* **Directions for this task**
Word for word, give the records again, dropping any picture they hold.

* **Collected data**
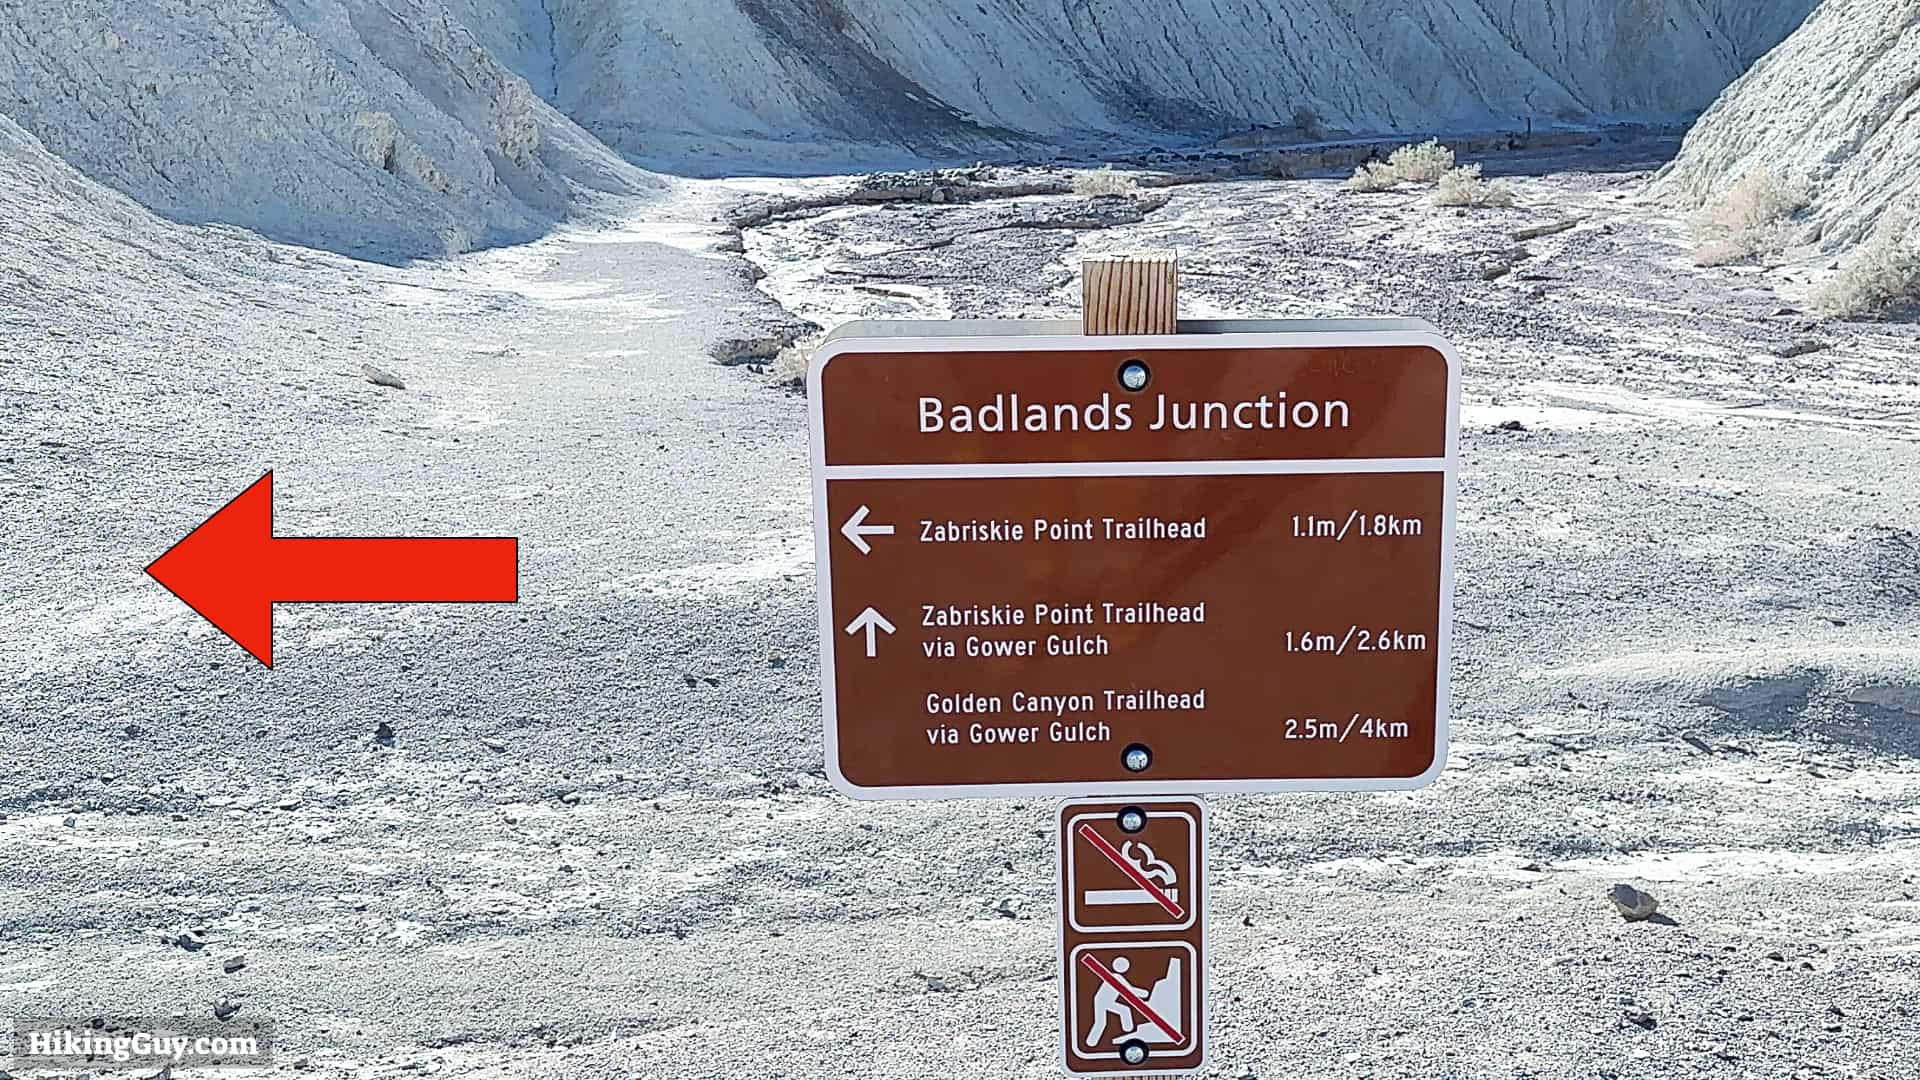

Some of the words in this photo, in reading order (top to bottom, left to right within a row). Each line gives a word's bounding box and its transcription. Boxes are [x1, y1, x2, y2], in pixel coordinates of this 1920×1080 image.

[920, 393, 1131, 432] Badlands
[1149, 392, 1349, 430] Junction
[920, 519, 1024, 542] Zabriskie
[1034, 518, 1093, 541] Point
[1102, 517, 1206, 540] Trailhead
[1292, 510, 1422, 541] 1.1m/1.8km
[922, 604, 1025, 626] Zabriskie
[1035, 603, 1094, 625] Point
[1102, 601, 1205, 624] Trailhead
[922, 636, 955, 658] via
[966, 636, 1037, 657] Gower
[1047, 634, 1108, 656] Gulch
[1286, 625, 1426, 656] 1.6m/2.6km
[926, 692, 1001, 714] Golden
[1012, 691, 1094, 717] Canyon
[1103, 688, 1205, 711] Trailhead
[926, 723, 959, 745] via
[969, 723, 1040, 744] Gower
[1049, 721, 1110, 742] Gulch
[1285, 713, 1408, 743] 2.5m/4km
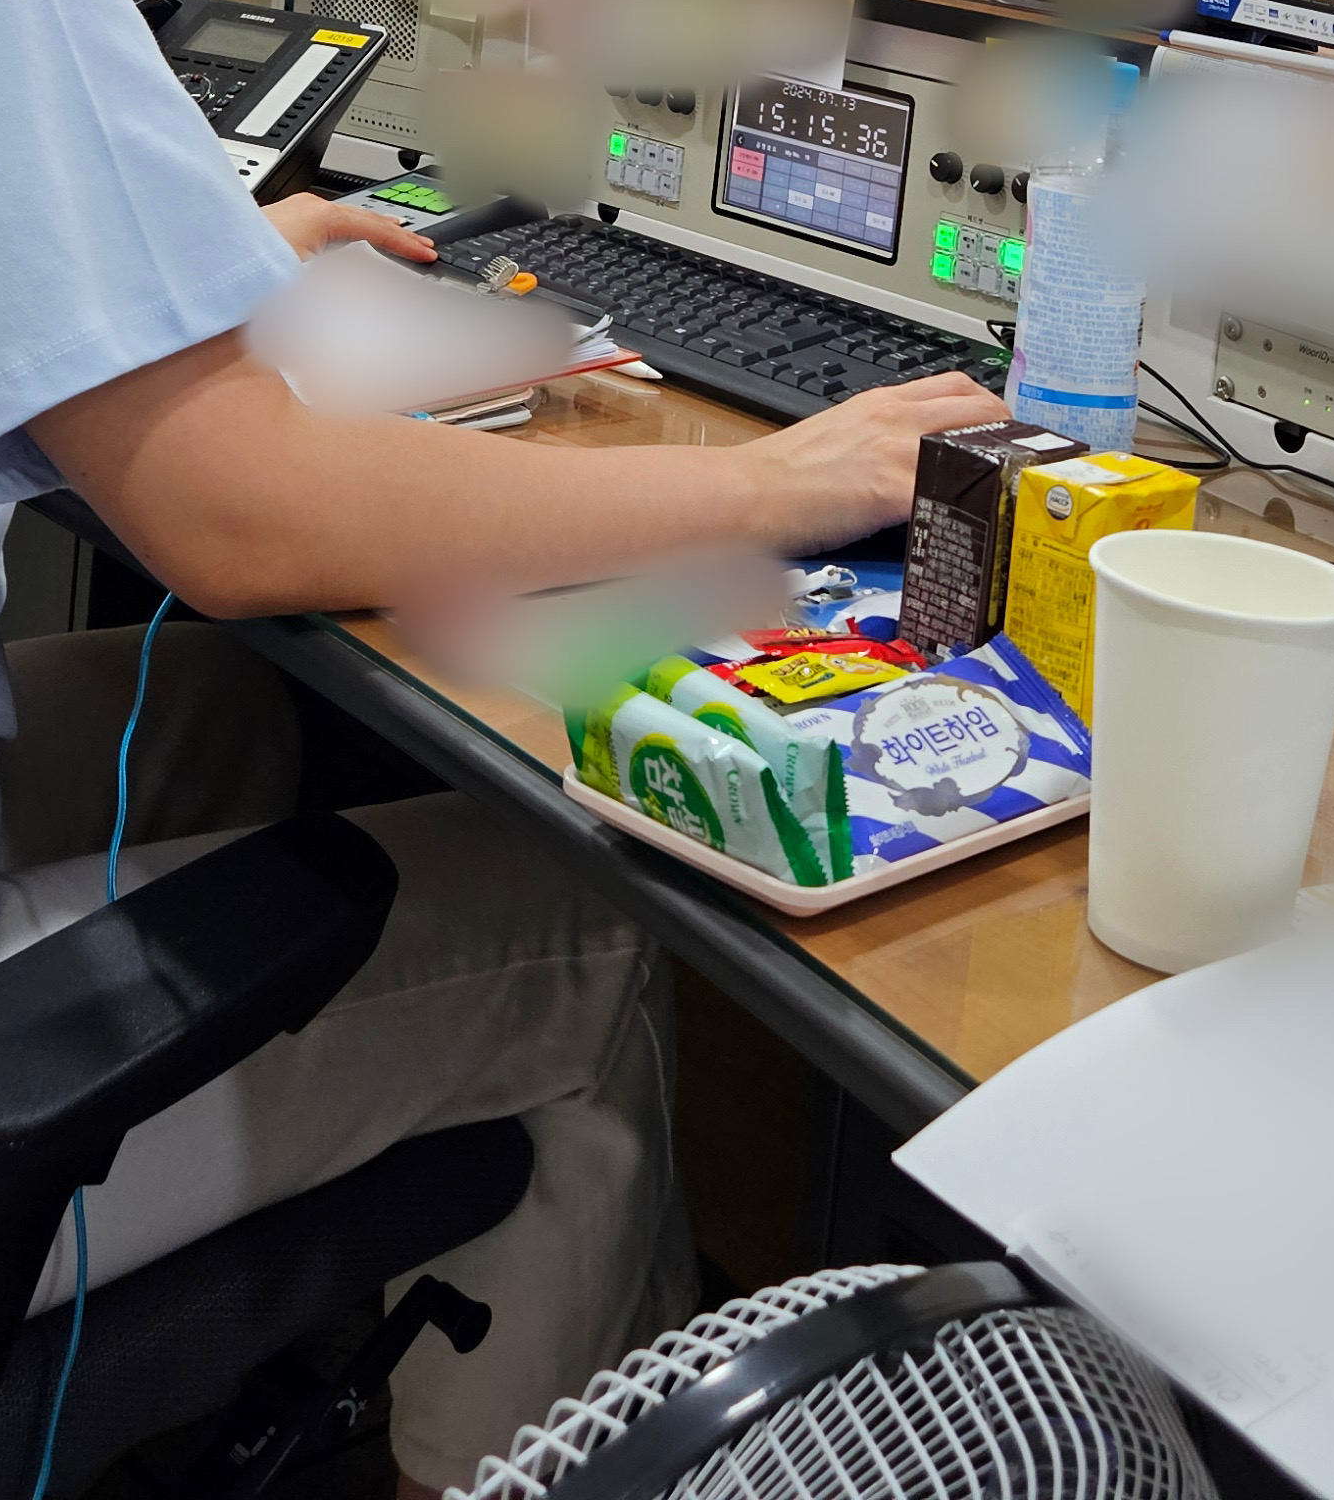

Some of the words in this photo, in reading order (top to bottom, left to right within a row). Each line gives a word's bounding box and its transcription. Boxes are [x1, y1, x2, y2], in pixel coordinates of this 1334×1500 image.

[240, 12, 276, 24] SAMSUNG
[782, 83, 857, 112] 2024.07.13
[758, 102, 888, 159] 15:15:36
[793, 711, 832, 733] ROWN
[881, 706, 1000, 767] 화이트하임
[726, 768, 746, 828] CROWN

* **Answer to this task**
Some of the words in this photo, in reading order (top to bottom, left to right within a row). Each line gives a word's bounding box and its transcription. Boxes are [x1, y1, x2, y2], in pixel coordinates of this 1920×1080 image.

[920, 393, 1131, 432] Badlands
[1149, 392, 1349, 430] Junction
[920, 519, 1024, 542] Zabriskie
[1034, 518, 1093, 541] Point
[1102, 517, 1206, 540] Trailhead
[1292, 510, 1422, 541] 1.1m/1.8km
[922, 604, 1025, 626] Zabriskie
[1035, 603, 1094, 625] Point
[1102, 601, 1205, 624] Trailhead
[922, 636, 955, 658] via
[966, 636, 1037, 657] Gower
[1047, 634, 1108, 656] Gulch
[1286, 625, 1426, 656] 1.6m/2.6km
[926, 692, 1001, 714] Golden
[1012, 691, 1094, 717] Canyon
[1103, 688, 1205, 711] Trailhead
[926, 723, 959, 745] via
[969, 723, 1040, 744] Gower
[1049, 721, 1110, 742] Gulch
[1285, 713, 1408, 743] 2.5m/4km

Some of the words in this photo, in reading order (top to bottom, left to right within a row). Each line gives a word's bounding box and its transcription. Boxes are [x1, y1, x2, y2], in pixel coordinates of this 1334×1500 image.

[240, 12, 276, 24] SAMSUNG
[782, 83, 857, 112] 2024.07.13
[758, 102, 888, 159] 15:15:36
[793, 711, 832, 733] ROWN
[881, 706, 1000, 767] 화이트하임
[726, 768, 746, 828] CROWN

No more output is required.